1. COMMENT: Two commenters are concerned that the elimination of NPDES DMR reporting would limit the public's access to information about the mill's performance and would impede efforts by facility managers and others from assessing the mill's compliance with its effluent limitations.

RESPONSE: The FPA will be revised to clarify how information may be accessed by the public. The intention of the parties is to make information more available on an as requested basis and to maintain a transparent process. The amount of information available to the public will actually increase as a result of this project, in that the public may request information directly from the company that might not otherwise be available in the structured Discharge Monitoring Reports typically provided to the Georgia Environmental Protection Division (GA EPD). This is discussed in more detail below.

Moreover, there will be no impedance of GA EPD's enforcement of permit limits due to a lack of information. Instead, EPD actually will have access to more information in order to evaluate pollution control performance while enforcing the NPDES permit limits. This is because under the FPA the facility will report noncompliance events beyond what is required by 40 CFR 122.41(l)(6). That regulation requires 24-hour oral reporting of violations that "endanger health or the environment." Weyerhaeuser's proposed NPDES permit revision will require that Flint River will report any permit limit exceedances within 24 hours of their occurrence to GA EPD, with written reports following within 5 days (see page 53, FPA). Normally, GA EPD would not learn of a permit violation until the Discharge Monitoring Report was turned in on the 28th day of the month following the month the violation occurred. Because of Project XL, GA EPD will receive violation reports in a near-real time fashion. This is a positive outcome of the XL process. In addition, inspectors for GA EPD will continue to exercise their responsibilities in assuring that the company's self-monitoring systems are effective and that data being generated is of highest quality.
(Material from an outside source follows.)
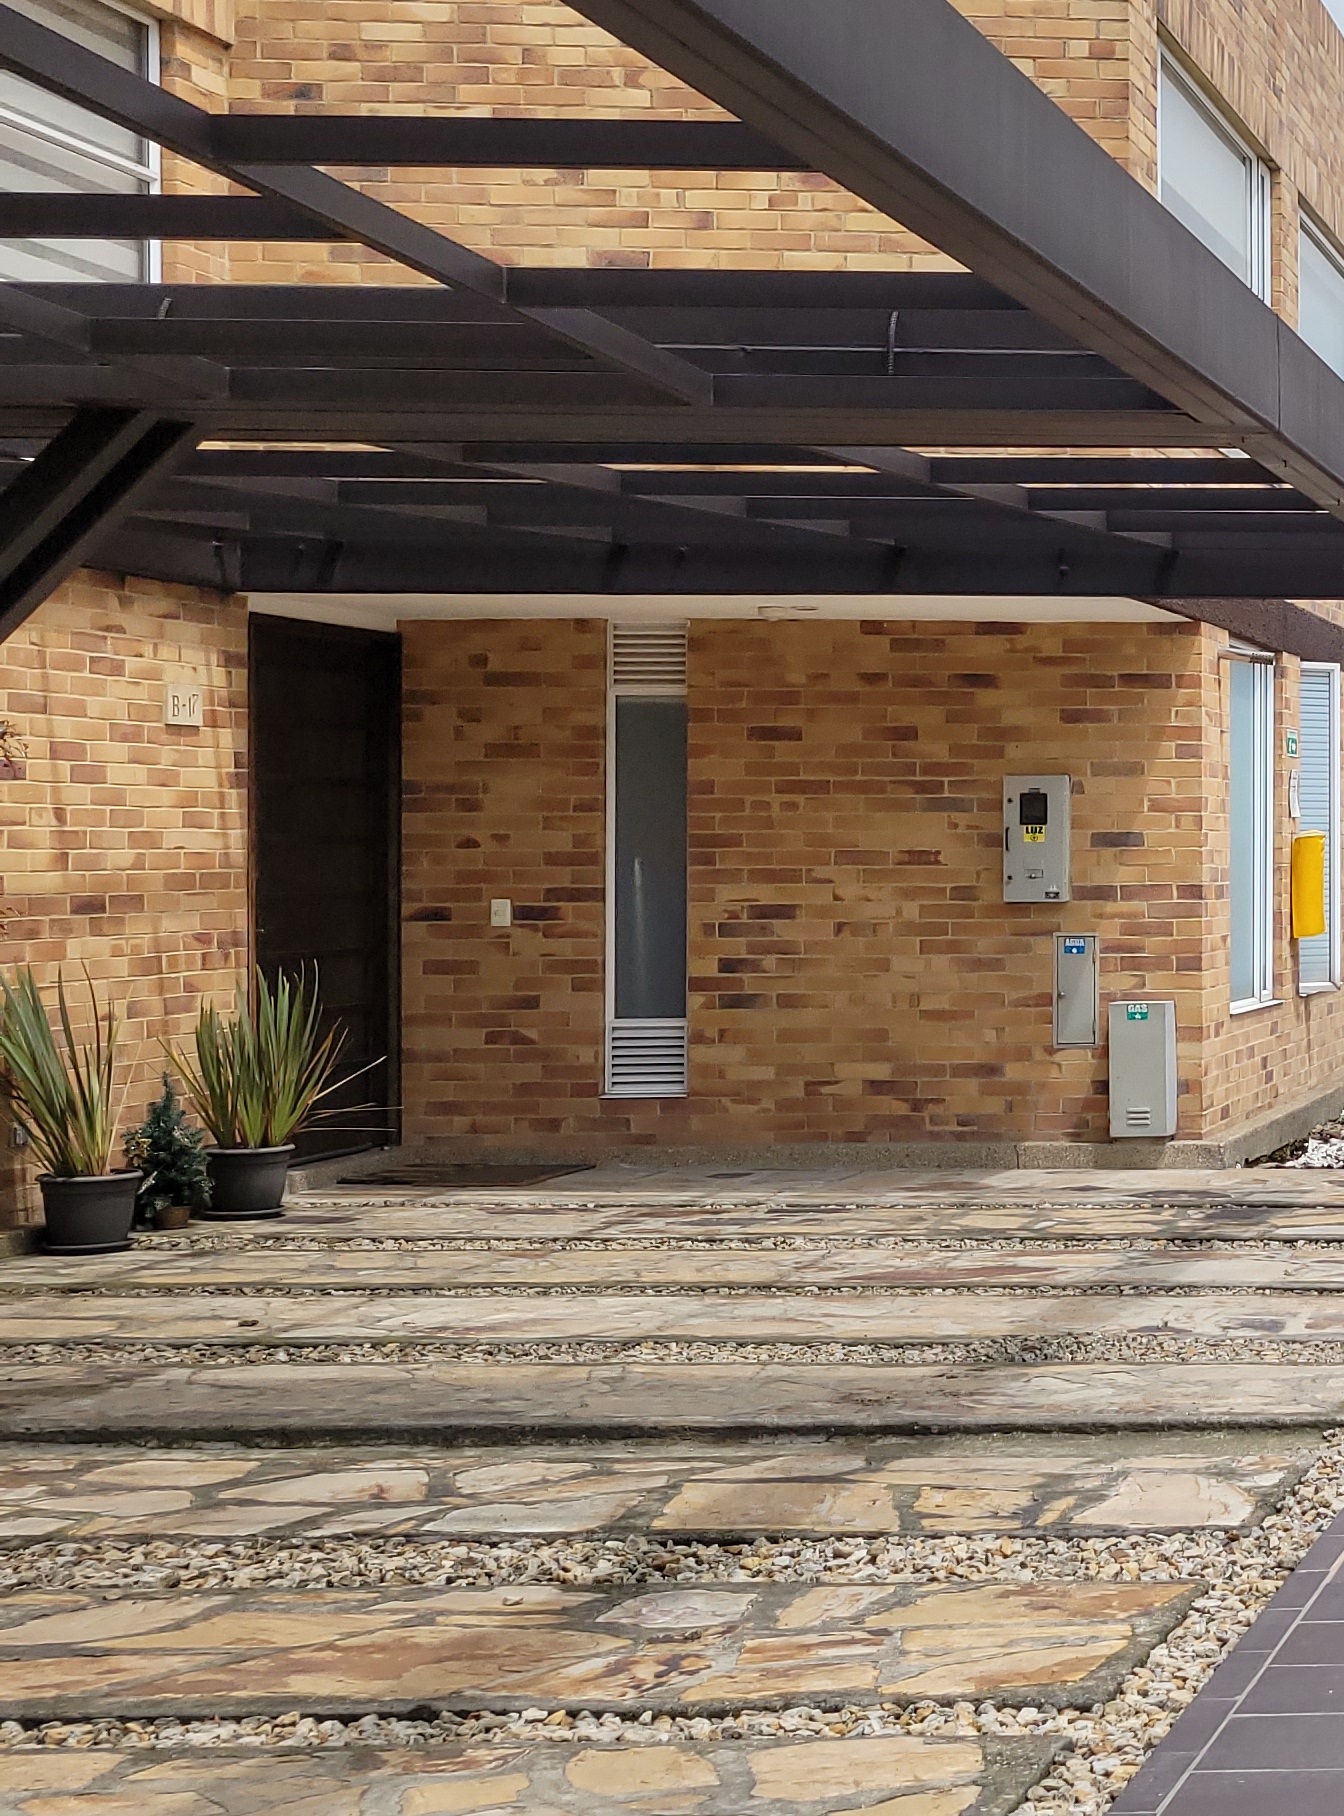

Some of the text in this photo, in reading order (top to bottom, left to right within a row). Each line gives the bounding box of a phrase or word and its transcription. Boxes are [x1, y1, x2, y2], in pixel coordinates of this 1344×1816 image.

[172, 694, 199, 717] B-17
[1025, 826, 1043, 834] LUZ
[1128, 1004, 1148, 1013] GAS
The reduction in routine reporting requirements, such as DMRs, is a cost and time saving measure eliminating reports to GA EPD without any reduction in the monitoring and information collection occurring at the plant. This approach will save GA EPD data entry time. Cost savings and paperwork reduction is a criteria of each XL project, and the benefits in this project accrue to both the regulator and the project sponsor.

To ensure easy access to the fundamental violation data in the national databases, GA EPD will be entering any NPDES-related exceedance (usually reported monthly on DMR's) into the Permit Compliance System (PCS) as a "single event violation." This data is accessible to all who can access EPA's ENVIROFACTS database on the World Wide Web (http:\\www.epa.gov).
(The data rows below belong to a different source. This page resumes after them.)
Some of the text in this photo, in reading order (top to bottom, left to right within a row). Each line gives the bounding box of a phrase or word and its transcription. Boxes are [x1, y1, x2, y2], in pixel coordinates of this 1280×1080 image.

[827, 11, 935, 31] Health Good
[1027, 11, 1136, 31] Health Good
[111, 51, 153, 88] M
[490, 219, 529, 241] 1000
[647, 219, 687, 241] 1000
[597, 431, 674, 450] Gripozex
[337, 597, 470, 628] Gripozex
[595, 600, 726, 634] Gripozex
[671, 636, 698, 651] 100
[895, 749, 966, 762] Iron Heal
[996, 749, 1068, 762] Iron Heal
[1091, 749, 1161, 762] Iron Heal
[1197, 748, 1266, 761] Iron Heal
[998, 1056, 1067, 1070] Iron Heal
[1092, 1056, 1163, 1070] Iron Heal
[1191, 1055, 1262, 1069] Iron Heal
Information collected and maintained by the Plant may be requested by writing, calling or faxing a request to the Flint River Operations Plant Environmental Manager. An example of the type of information available in a typical data report from the plant is included at the end of the Responsiveness Summary. Site visits may be arranged by contacting the Plant Environmental Manager. In addition, summary reports on progress under the XL project will be prepared twice a year. Once a year, at a minimum, the company will host stakeholders at an open meeting to present results and to answer questions.

To request data, reports, or to arrange a site visit please contact:

Plant Environmental Manager

Weyerhaeuser Flint River Operations

P.O. Box 238

Oglethorpe, GA 31068

At this time, the infrastructure (e.g., programmers, file servers) is not in place at Flint River Operations that would allow for instantaneous access to data via a World Wide Web site, as was advocated by several commenters. EPA believes the information reporting and communication plan presented in the FPA is a significant advance over the DMR scheme without the electronic posting of information suggested by the commenter.
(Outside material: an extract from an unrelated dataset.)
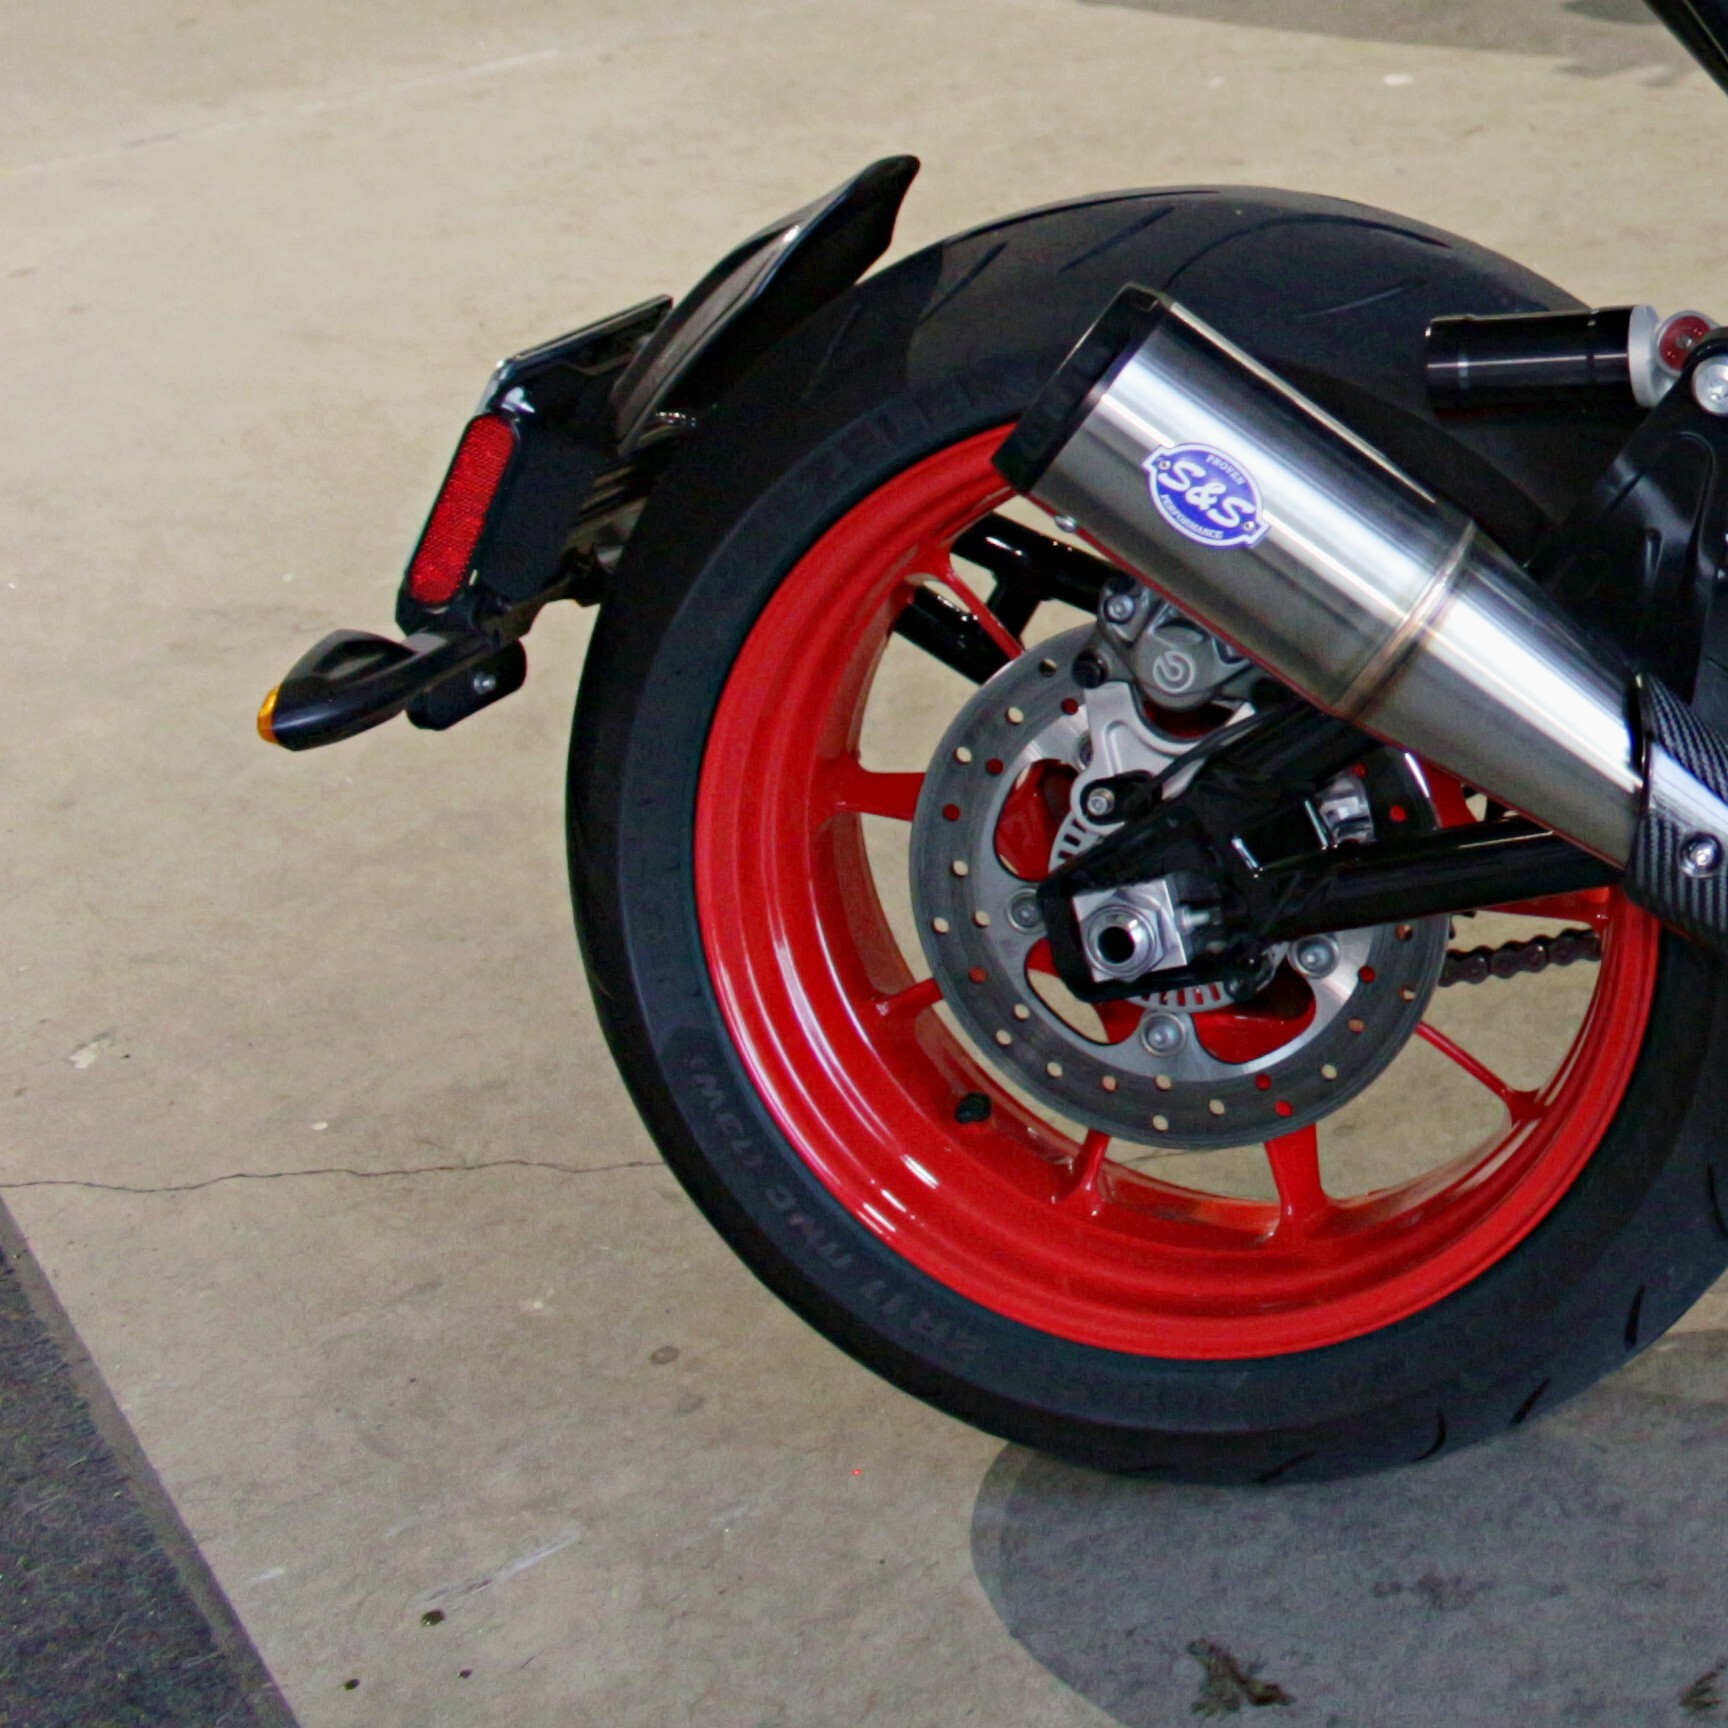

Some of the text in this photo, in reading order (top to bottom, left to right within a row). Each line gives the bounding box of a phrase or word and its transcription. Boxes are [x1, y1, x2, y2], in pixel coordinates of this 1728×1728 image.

The company has committed to providing data directly to the requestor. In order to assure that the data will be made available in a timely manner as promised, the proposed permit language provided in Appendix 3 will be revised to reflect that failure to provide reasonably requested data or reports may result in reinstitution of the requirement for DMR reporting. This issue will be addressed again when the permit is issued for public comment in the regular renewal cycle. In addition, EPA notes that the semi-annual and annual reports will contain all information that would have been contained in the DMRs, so that the public will continue to be able to obtain this kind of information from the regulatory agency, in addition to being able to obtain it directly from the company.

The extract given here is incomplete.